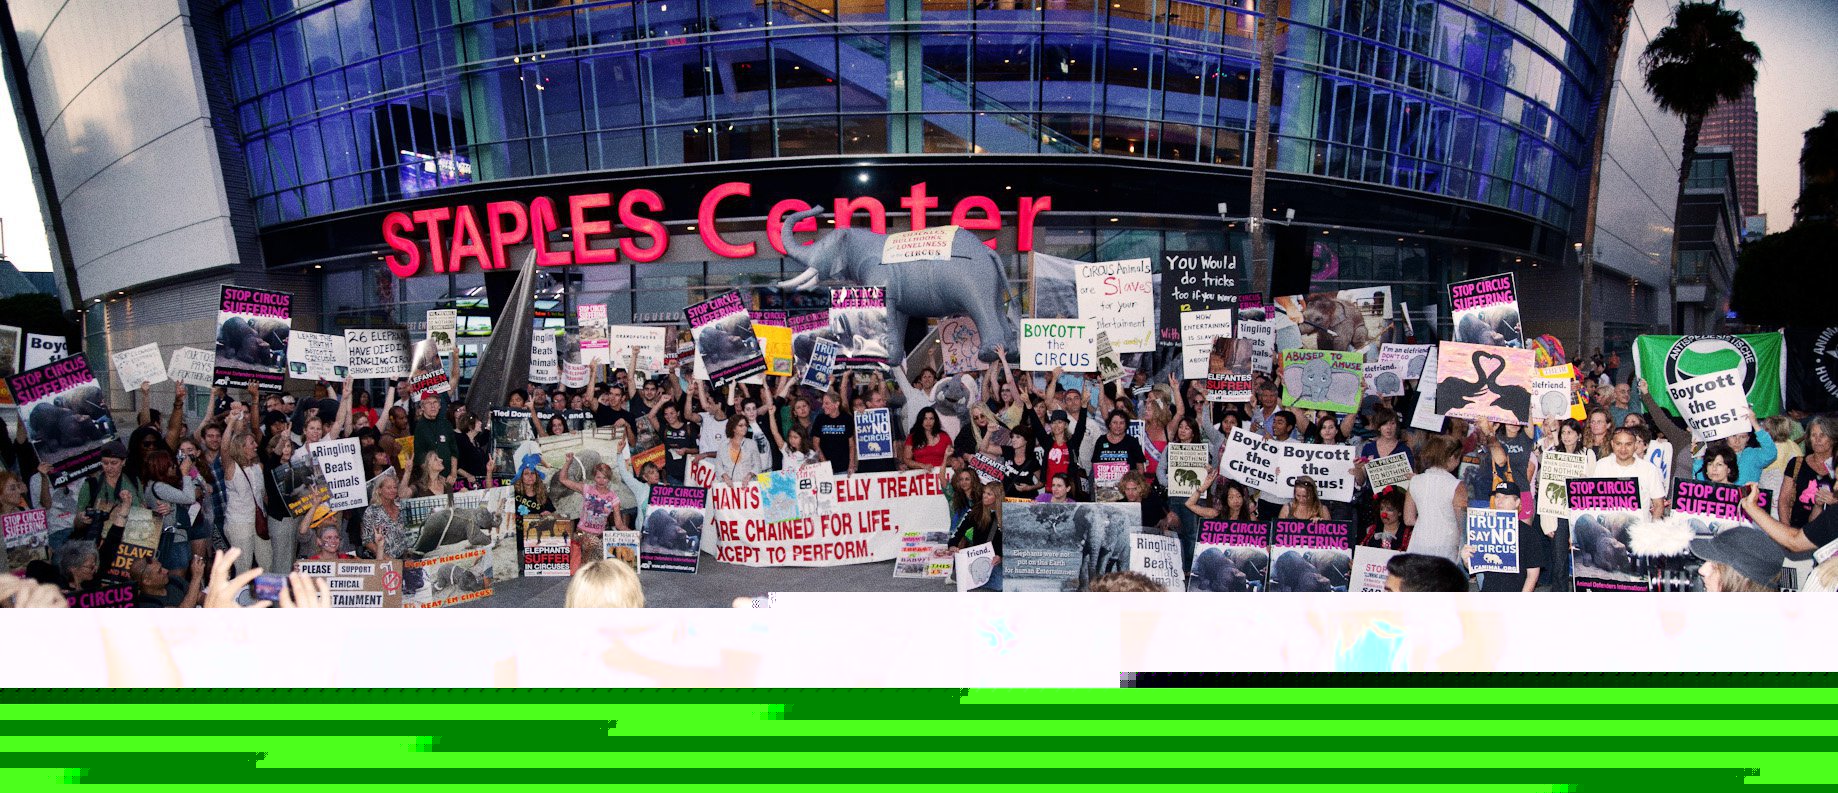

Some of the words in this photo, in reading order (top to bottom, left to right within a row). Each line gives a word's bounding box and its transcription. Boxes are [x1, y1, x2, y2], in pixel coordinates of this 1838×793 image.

[382, 189, 669, 277] STAPLES
[698, 181, 1052, 258] Center
[1082, 264, 1114, 278] CIRCUS
[1117, 260, 1151, 275] Animals
[1166, 255, 1197, 270] YOU
[1200, 255, 1236, 269] Would
[1104, 276, 1152, 296] Slaves
[1181, 271, 1196, 284] do
[1202, 271, 1234, 287] tricks
[1172, 286, 1189, 300] too
[1192, 290, 1201, 300] if
[1202, 291, 1215, 302] you
[1453, 284, 1474, 299] STOP
[1476, 277, 1511, 293] CIRCUS
[225, 288, 251, 301] STOP
[253, 291, 290, 307] CIRCUS
[1453, 290, 1514, 313] SUFFERING
[222, 300, 289, 319] SUFFERING
[688, 303, 708, 319] STOP
[708, 291, 739, 310] CIRCUS
[1118, 301, 1137, 312] your
[691, 302, 744, 329] SUFFERING
[788, 316, 804, 326] STOP
[1024, 323, 1085, 339] BOYCOTT
[1183, 322, 1230, 331] ENTERTAINING
[348, 331, 368, 343] 26
[349, 346, 371, 356] HAVE
[532, 346, 553, 355] Beats
[1047, 339, 1065, 350] the
[349, 356, 388, 366] RINGLING
[1034, 352, 1090, 367] CIRCUS
[1330, 352, 1342, 360] TO
[349, 367, 373, 375] SHOWS
[375, 366, 396, 374] SINCE
[1331, 360, 1361, 371] AMUSE
[11, 371, 42, 391] STOP
[44, 356, 87, 379] CIRCUS
[1207, 373, 1252, 381] ELEFANTES
[17, 369, 93, 406] SUFFERING
[1206, 380, 1252, 390] SUFREN
[1670, 373, 1735, 400] Boycott
[1688, 399, 1717, 415] the
[492, 410, 511, 418] Tied
[568, 410, 585, 419] and
[856, 413, 888, 424] TRUTH
[857, 425, 871, 434] SAY
[872, 422, 889, 434] NO
[863, 434, 890, 442] CIRCUS
[1232, 430, 1279, 454] Boyco
[316, 443, 356, 457] Ringling
[1283, 446, 1351, 462] Boycott
[1246, 451, 1271, 468] the
[324, 461, 353, 474] Beats
[970, 457, 1005, 481] SUFREN
[1097, 465, 1110, 473] STOP
[1110, 465, 1129, 473] CIRCUS
[1229, 458, 1279, 485] Circus!
[1301, 463, 1330, 476] the
[1380, 467, 1410, 479] NOTHING
[652, 486, 674, 496] STOP
[675, 487, 705, 499] CIRCUS
[836, 478, 871, 503] ELLY
[1570, 482, 1595, 495] STOP
[1597, 481, 1636, 495] CIRCUS
[1678, 482, 1710, 499] STOP
[1716, 486, 1767, 507] CIRS
[515, 495, 541, 511] CIRCOS
[650, 496, 704, 509] SUFFERING
[1570, 495, 1639, 511] SUFFERING
[3, 514, 21, 527] STOP
[22, 510, 45, 523] CIRCUS
[1469, 515, 1516, 529] TRUTH
[5, 521, 47, 538] SUFFERING
[745, 517, 815, 543] CHAINED
[821, 512, 852, 538] FOR
[858, 509, 899, 534] LIFE,
[1203, 521, 1227, 533] STOP
[1230, 522, 1267, 535] CIRCUS
[1276, 521, 1304, 534] STOP
[1307, 523, 1348, 536] CIRCUS
[1200, 533, 1267, 549] SUFFERING
[1275, 533, 1349, 550] SUFFERING
[1469, 531, 1490, 541] SAY
[1491, 528, 1516, 545] NO
[767, 546, 787, 564] TO
[792, 539, 875, 562] PERFORM.
[1013, 549, 1042, 558] Elephants
[1477, 544, 1516, 553] CIRCUS
[525, 554, 570, 564] SUFFER
[1143, 556, 1174, 570] Beats
[302, 564, 332, 575] PLEASE
[341, 565, 371, 573] SUPPORT
[525, 563, 533, 571] IN
[533, 563, 570, 571] CIRCUSES
[330, 579, 360, 589] ETHICAL
[1592, 581, 1616, 590] Defenders
[1616, 583, 1648, 591] International
[80, 586, 134, 608] CIRCUS
[421, 600, 442, 608] BEAT

-----

• Directions for this task:
Where a picture appears in the data, omit it; restate the rest word for word.

• Exercise output:
Some of the words in this photo, in reading order (top to bottom, left to right within a row). Each line gives a word's bounding box and its transcription. Boxes are [x1, y1, x2, y2], in pixel coordinates of this 1838×793 image.

[382, 189, 669, 277] STAPLES
[698, 181, 1052, 258] Center
[1082, 264, 1114, 278] CIRCUS
[1117, 260, 1151, 275] Animals
[1166, 255, 1197, 270] YOU
[1200, 255, 1236, 269] Would
[1104, 276, 1152, 296] Slaves
[1181, 271, 1196, 284] do
[1202, 271, 1234, 287] tricks
[1172, 286, 1189, 300] too
[1192, 290, 1201, 300] if
[1202, 291, 1215, 302] you
[1453, 284, 1474, 299] STOP
[1476, 277, 1511, 293] CIRCUS
[225, 288, 251, 301] STOP
[253, 291, 290, 307] CIRCUS
[1453, 290, 1514, 313] SUFFERING
[222, 300, 289, 319] SUFFERING
[688, 303, 708, 319] STOP
[708, 291, 739, 310] CIRCUS
[1118, 301, 1137, 312] your
[691, 302, 744, 329] SUFFERING
[788, 316, 804, 326] STOP
[1024, 323, 1085, 339] BOYCOTT
[1183, 322, 1230, 331] ENTERTAINING
[348, 331, 368, 343] 26
[349, 346, 371, 356] HAVE
[532, 346, 553, 355] Beats
[1047, 339, 1065, 350] the
[349, 356, 388, 366] RINGLING
[1034, 352, 1090, 367] CIRCUS
[1330, 352, 1342, 360] TO
[349, 367, 373, 375] SHOWS
[375, 366, 396, 374] SINCE
[1331, 360, 1361, 371] AMUSE
[11, 371, 42, 391] STOP
[44, 356, 87, 379] CIRCUS
[1207, 373, 1252, 381] ELEFANTES
[17, 369, 93, 406] SUFFERING
[1206, 380, 1252, 390] SUFREN
[1670, 373, 1735, 400] Boycott
[1688, 399, 1717, 415] the
[492, 410, 511, 418] Tied
[568, 410, 585, 419] and
[856, 413, 888, 424] TRUTH
[857, 425, 871, 434] SAY
[872, 422, 889, 434] NO
[863, 434, 890, 442] CIRCUS
[1232, 430, 1279, 454] Boyco
[316, 443, 356, 457] Ringling
[1283, 446, 1351, 462] Boycott
[1246, 451, 1271, 468] the
[324, 461, 353, 474] Beats
[970, 457, 1005, 481] SUFREN
[1097, 465, 1110, 473] STOP
[1110, 465, 1129, 473] CIRCUS
[1229, 458, 1279, 485] Circus!
[1301, 463, 1330, 476] the
[1380, 467, 1410, 479] NOTHING
[652, 486, 674, 496] STOP
[675, 487, 705, 499] CIRCUS
[836, 478, 871, 503] ELLY
[1570, 482, 1595, 495] STOP
[1597, 481, 1636, 495] CIRCUS
[1678, 482, 1710, 499] STOP
[1716, 486, 1767, 507] CIRS
[515, 495, 541, 511] CIRCOS
[650, 496, 704, 509] SUFFERING
[1570, 495, 1639, 511] SUFFERING
[3, 514, 21, 527] STOP
[22, 510, 45, 523] CIRCUS
[1469, 515, 1516, 529] TRUTH
[5, 521, 47, 538] SUFFERING
[745, 517, 815, 543] CHAINED
[821, 512, 852, 538] FOR
[858, 509, 899, 534] LIFE,
[1203, 521, 1227, 533] STOP
[1230, 522, 1267, 535] CIRCUS
[1276, 521, 1304, 534] STOP
[1307, 523, 1348, 536] CIRCUS
[1200, 533, 1267, 549] SUFFERING
[1275, 533, 1349, 550] SUFFERING
[1469, 531, 1490, 541] SAY
[1491, 528, 1516, 545] NO
[767, 546, 787, 564] TO
[792, 539, 875, 562] PERFORM.
[1013, 549, 1042, 558] Elephants
[1477, 544, 1516, 553] CIRCUS
[525, 554, 570, 564] SUFFER
[1143, 556, 1174, 570] Beats
[302, 564, 332, 575] PLEASE
[341, 565, 371, 573] SUPPORT
[525, 563, 533, 571] IN
[533, 563, 570, 571] CIRCUSES
[330, 579, 360, 589] ETHICAL
[1592, 581, 1616, 590] Defenders
[1616, 583, 1648, 591] International
[80, 586, 134, 608] CIRCUS
[421, 600, 442, 608] BEAT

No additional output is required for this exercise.